In my work as a transcriptionist for a cancer specialist, I see a very high correlation of younger women (under age 50) with breast or uterine cancer with social situations including physical abuse, divorce, common-law relationships, therapeutic abortions, and substance abuse. I asked my doctor client about this. He agreed with me, and said that studies are not likely to be done with current patients (the one referenced in this post was done after the people had already committed suicide) because the whole thing is so subjective and therefore unquantifiable.
Dana
posted February 28, 2009 at 6:32 pm
Nice that you’re noticing a lot of Facebook/Twitter online commenting stuff now. I’m obviously really stuck on this. I think I’m just surprised by the consistent maledictions toward social media… when it seems so obvious to me that media theory predicts that the way we use this stuff today is hardly the way it’ll be used in the coming years…
All that to say… that Death of Facebook article by Brett McCracken is another example that makes me wonder why I feel like the one Christian marching to a different drummer on this…
posted February 28, 2009 at 9:59 pm
I, too, feel frustrated about the way the facebook articles have been handled lately. I thought it was especially strange that the Relevant article was written by someone who had never liked or used facebook. It seems like good journalism would supply an author who had experience and objectivity for such an article.

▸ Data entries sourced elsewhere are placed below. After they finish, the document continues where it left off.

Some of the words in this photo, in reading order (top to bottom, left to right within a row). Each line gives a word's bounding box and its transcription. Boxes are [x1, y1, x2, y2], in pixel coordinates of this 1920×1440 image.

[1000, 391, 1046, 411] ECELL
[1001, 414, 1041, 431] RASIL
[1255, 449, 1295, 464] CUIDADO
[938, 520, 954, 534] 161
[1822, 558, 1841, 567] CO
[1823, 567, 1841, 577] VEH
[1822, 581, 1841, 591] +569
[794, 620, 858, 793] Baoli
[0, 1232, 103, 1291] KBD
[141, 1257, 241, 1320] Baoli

I wrote this in response to relevant article, as I felt his article was a contention for humanity yet dehumanizing in the process.
sigh.
Why does Relevant feel so sarcastic these days?
My article (that I’m sure you never have time to chase down):
http://joiningtheconversation.blogspot.com/2009/02/death-of-facebook-authors-come-to-life.html
no big deal. but i felt like it should be no.big.deal.